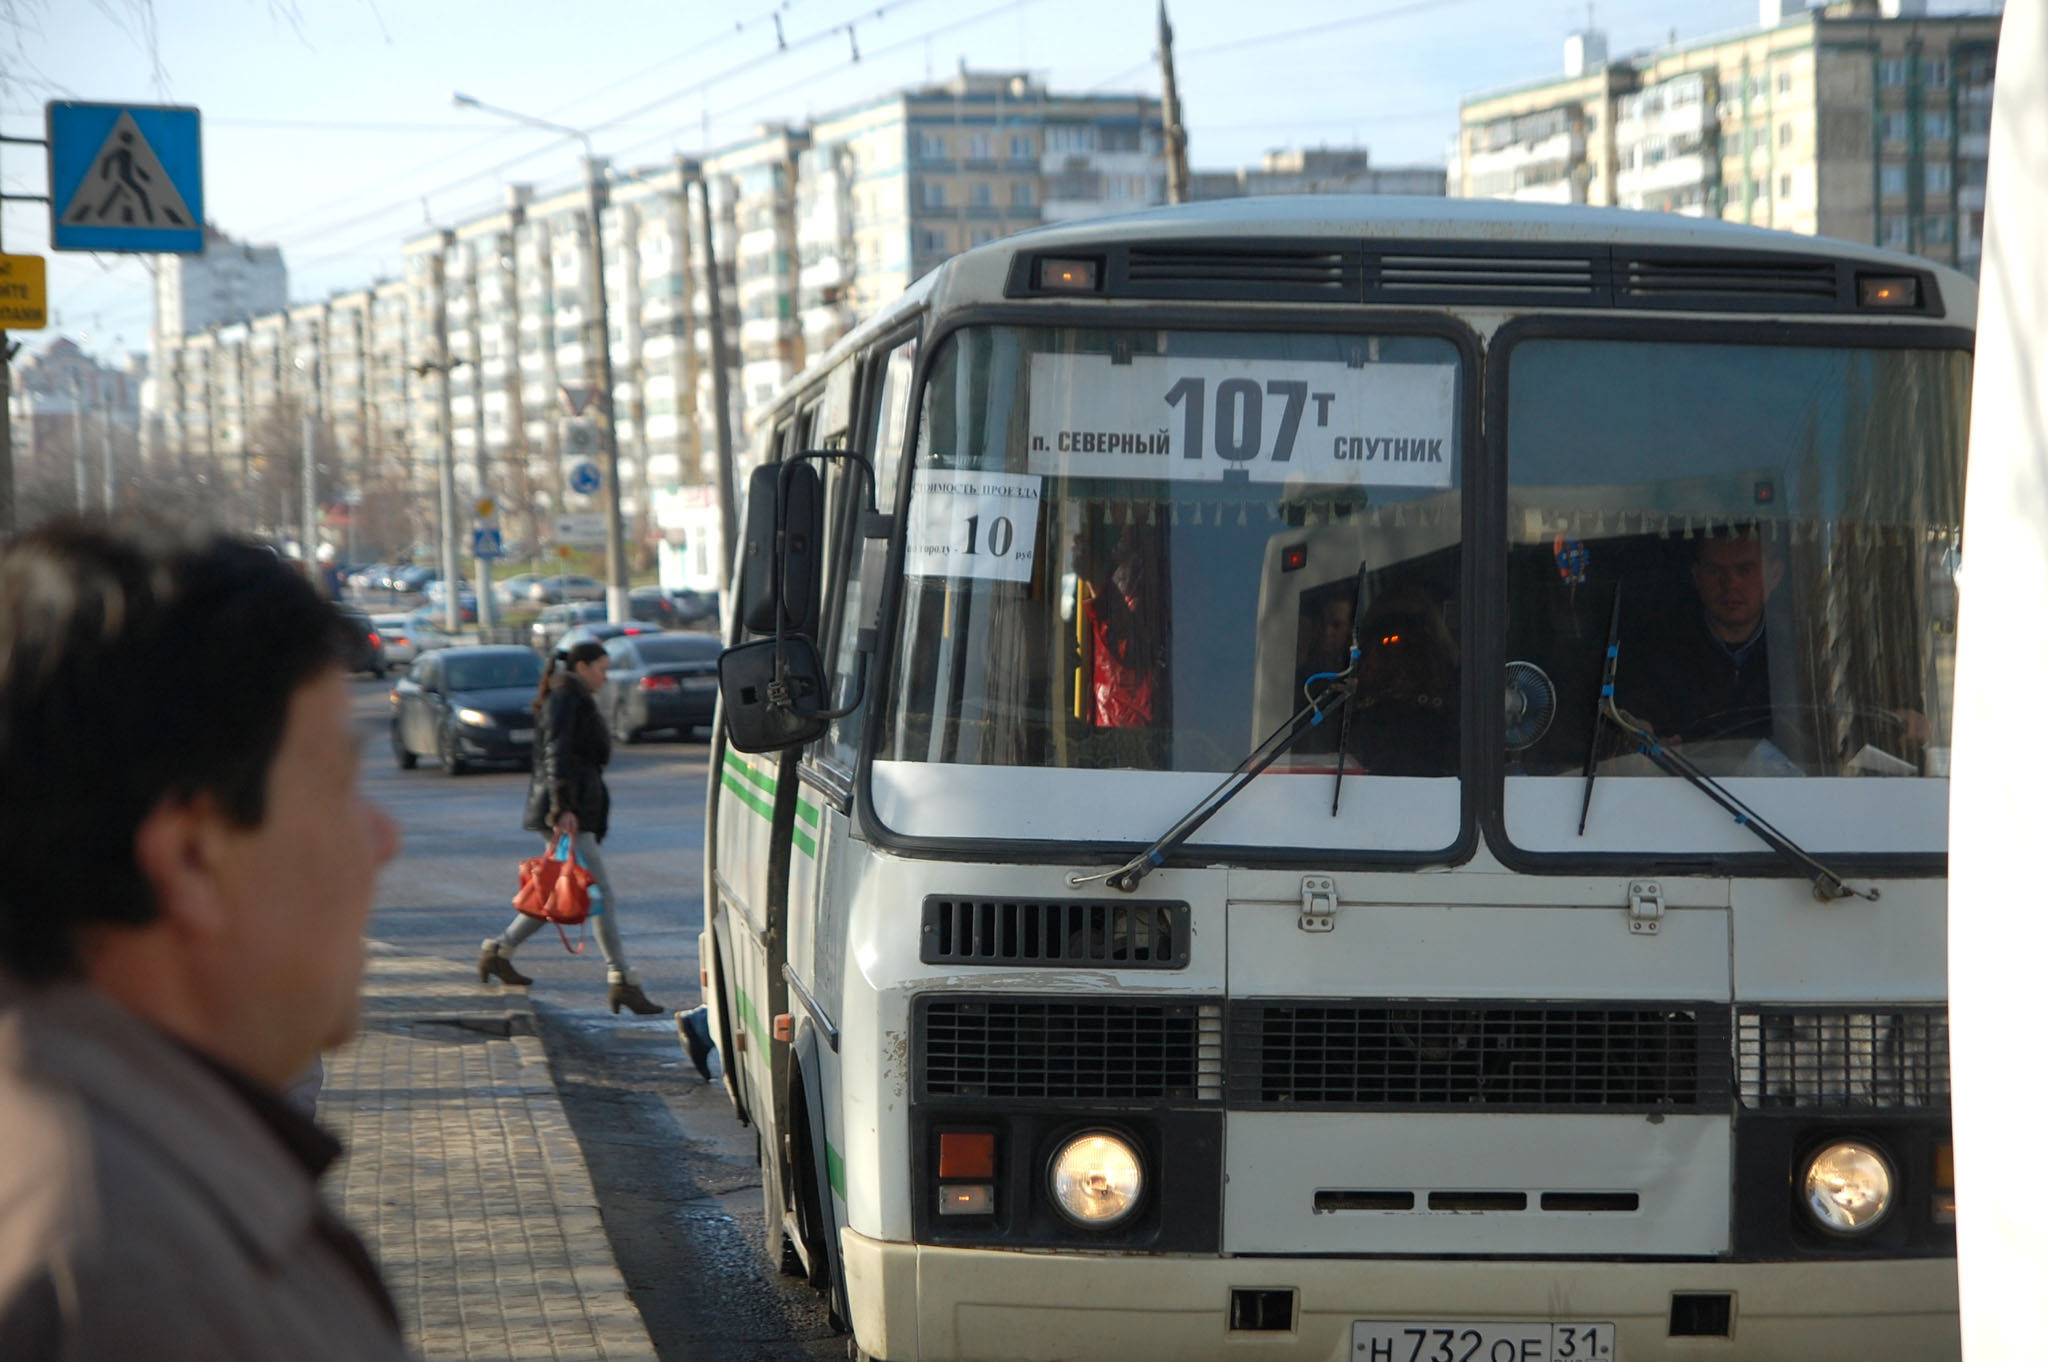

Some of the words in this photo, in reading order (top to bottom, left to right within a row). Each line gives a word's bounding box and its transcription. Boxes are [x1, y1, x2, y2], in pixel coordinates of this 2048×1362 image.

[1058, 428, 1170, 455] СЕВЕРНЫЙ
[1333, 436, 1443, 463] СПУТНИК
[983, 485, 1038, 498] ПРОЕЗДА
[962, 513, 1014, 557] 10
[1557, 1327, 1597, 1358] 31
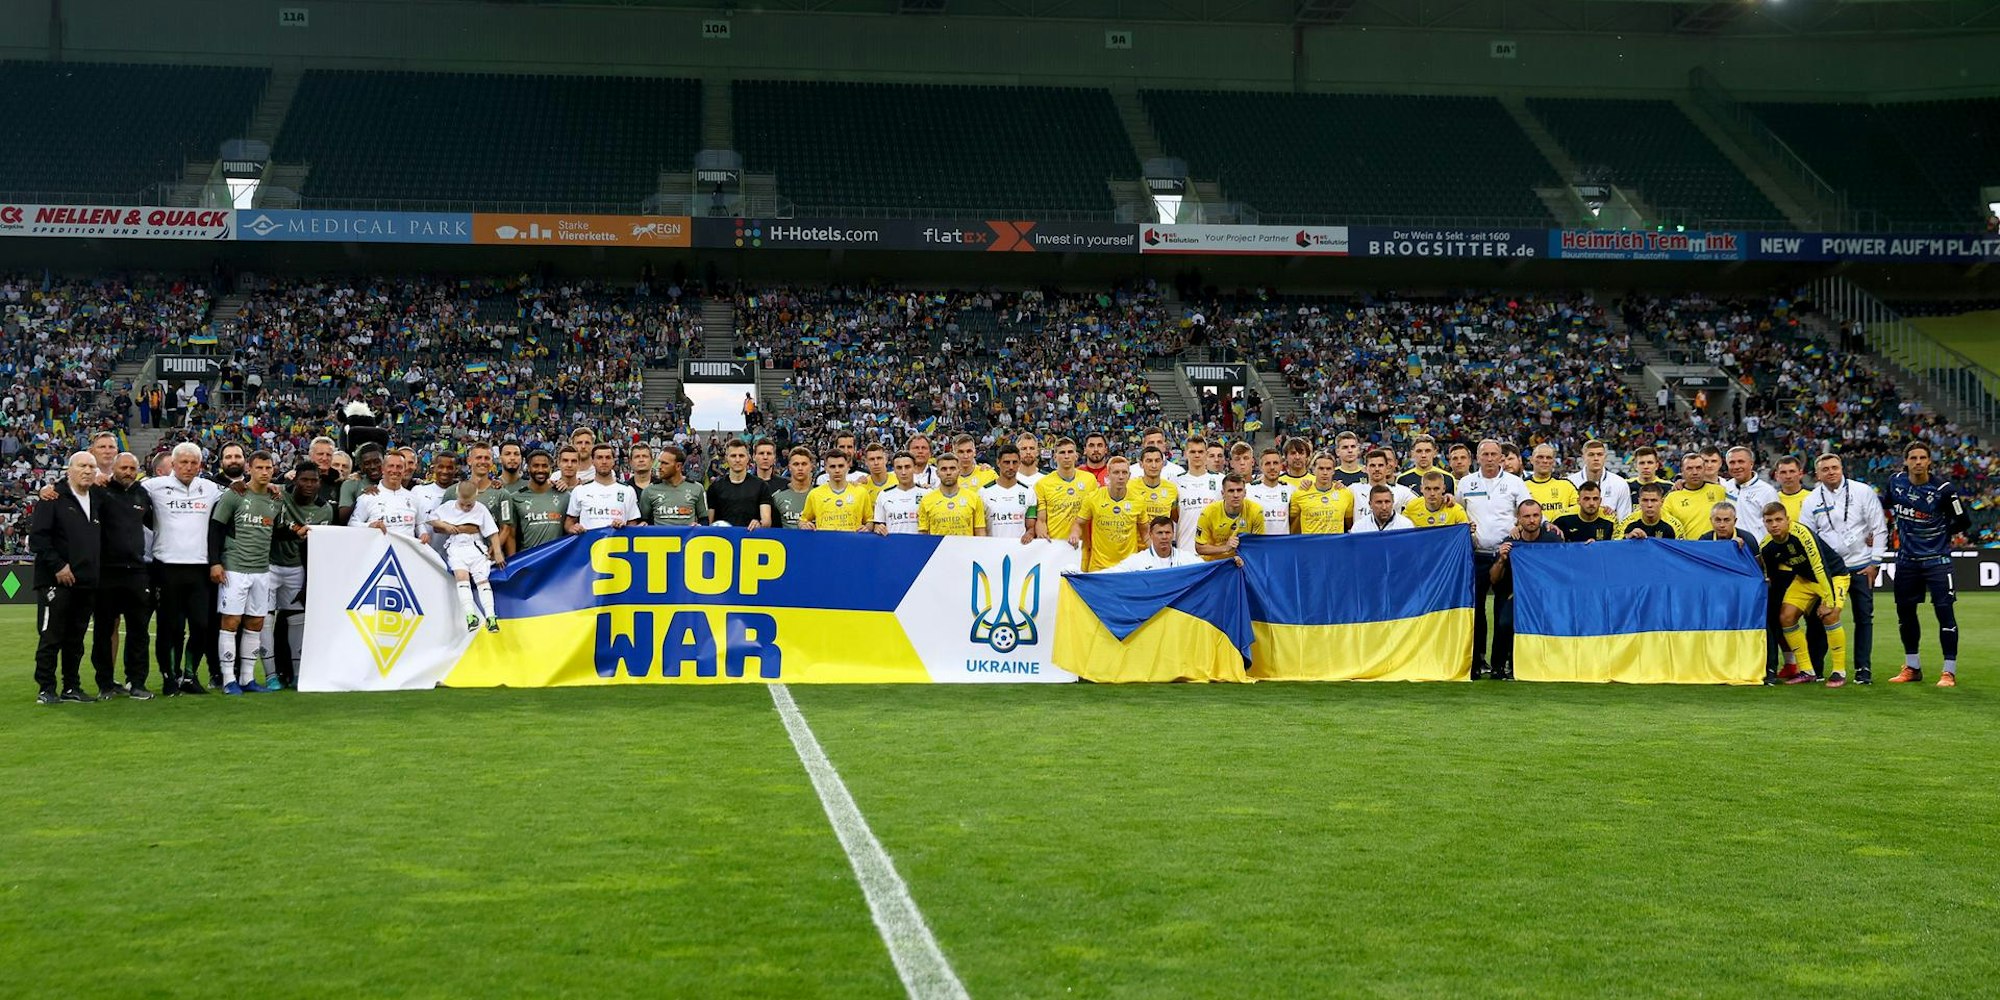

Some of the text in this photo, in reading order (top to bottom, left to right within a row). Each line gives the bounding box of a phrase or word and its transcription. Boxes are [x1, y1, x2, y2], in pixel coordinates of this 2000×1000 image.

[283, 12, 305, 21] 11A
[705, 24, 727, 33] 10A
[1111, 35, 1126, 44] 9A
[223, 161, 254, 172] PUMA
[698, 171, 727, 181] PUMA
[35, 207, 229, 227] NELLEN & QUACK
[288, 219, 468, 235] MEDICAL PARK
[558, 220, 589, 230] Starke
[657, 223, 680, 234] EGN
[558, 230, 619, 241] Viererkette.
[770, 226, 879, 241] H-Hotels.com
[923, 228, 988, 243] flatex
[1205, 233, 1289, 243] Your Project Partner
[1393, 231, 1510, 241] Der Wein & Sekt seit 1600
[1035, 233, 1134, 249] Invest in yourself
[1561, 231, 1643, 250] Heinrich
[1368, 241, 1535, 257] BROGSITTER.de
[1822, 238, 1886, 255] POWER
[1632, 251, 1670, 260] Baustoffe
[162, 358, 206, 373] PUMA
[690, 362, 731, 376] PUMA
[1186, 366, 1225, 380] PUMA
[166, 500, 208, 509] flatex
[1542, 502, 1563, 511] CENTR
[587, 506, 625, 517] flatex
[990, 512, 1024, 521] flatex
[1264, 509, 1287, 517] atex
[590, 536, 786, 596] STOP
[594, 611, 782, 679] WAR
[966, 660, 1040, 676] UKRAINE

What is required
Omit the pictures and output all remaining material exactly.

Written response
Some of the words in this photo, in reading order (top to bottom, left to right within a row). Each line gives a word's bounding box and its transcription. Boxes are [x1, y1, x2, y2], in pixel coordinates of this 2048×1362 image.

[1058, 428, 1170, 455] СЕВЕРНЫЙ
[1333, 436, 1443, 463] СПУТНИК
[983, 485, 1038, 498] ПРОЕЗДА
[962, 513, 1014, 557] 10
[1557, 1327, 1597, 1358] 31

Some of the text in this photo, in reading order (top to bottom, left to right within a row). Each line gives the bounding box of a phrase or word and its transcription. Boxes are [x1, y1, x2, y2], in pixel coordinates of this 2000×1000 image.

[283, 12, 305, 21] 11A
[705, 24, 727, 33] 10A
[1111, 35, 1126, 44] 9A
[223, 161, 254, 172] PUMA
[698, 171, 727, 181] PUMA
[35, 207, 229, 227] NELLEN & QUACK
[288, 219, 468, 235] MEDICAL PARK
[558, 220, 589, 230] Starke
[657, 223, 680, 234] EGN
[558, 230, 619, 241] Viererkette.
[770, 226, 879, 241] H-Hotels.com
[923, 228, 988, 243] flatex
[1205, 233, 1289, 243] Your Project Partner
[1393, 231, 1510, 241] Der Wein & Sekt seit 1600
[1035, 233, 1134, 249] Invest in yourself
[1561, 231, 1643, 250] Heinrich
[1368, 241, 1535, 257] BROGSITTER.de
[1822, 238, 1886, 255] POWER
[1632, 251, 1670, 260] Baustoffe
[162, 358, 206, 373] PUMA
[690, 362, 731, 376] PUMA
[1186, 366, 1225, 380] PUMA
[166, 500, 208, 509] flatex
[1542, 502, 1563, 511] CENTR
[587, 506, 625, 517] flatex
[990, 512, 1024, 521] flatex
[1264, 509, 1287, 517] atex
[590, 536, 786, 596] STOP
[594, 611, 782, 679] WAR
[966, 660, 1040, 676] UKRAINE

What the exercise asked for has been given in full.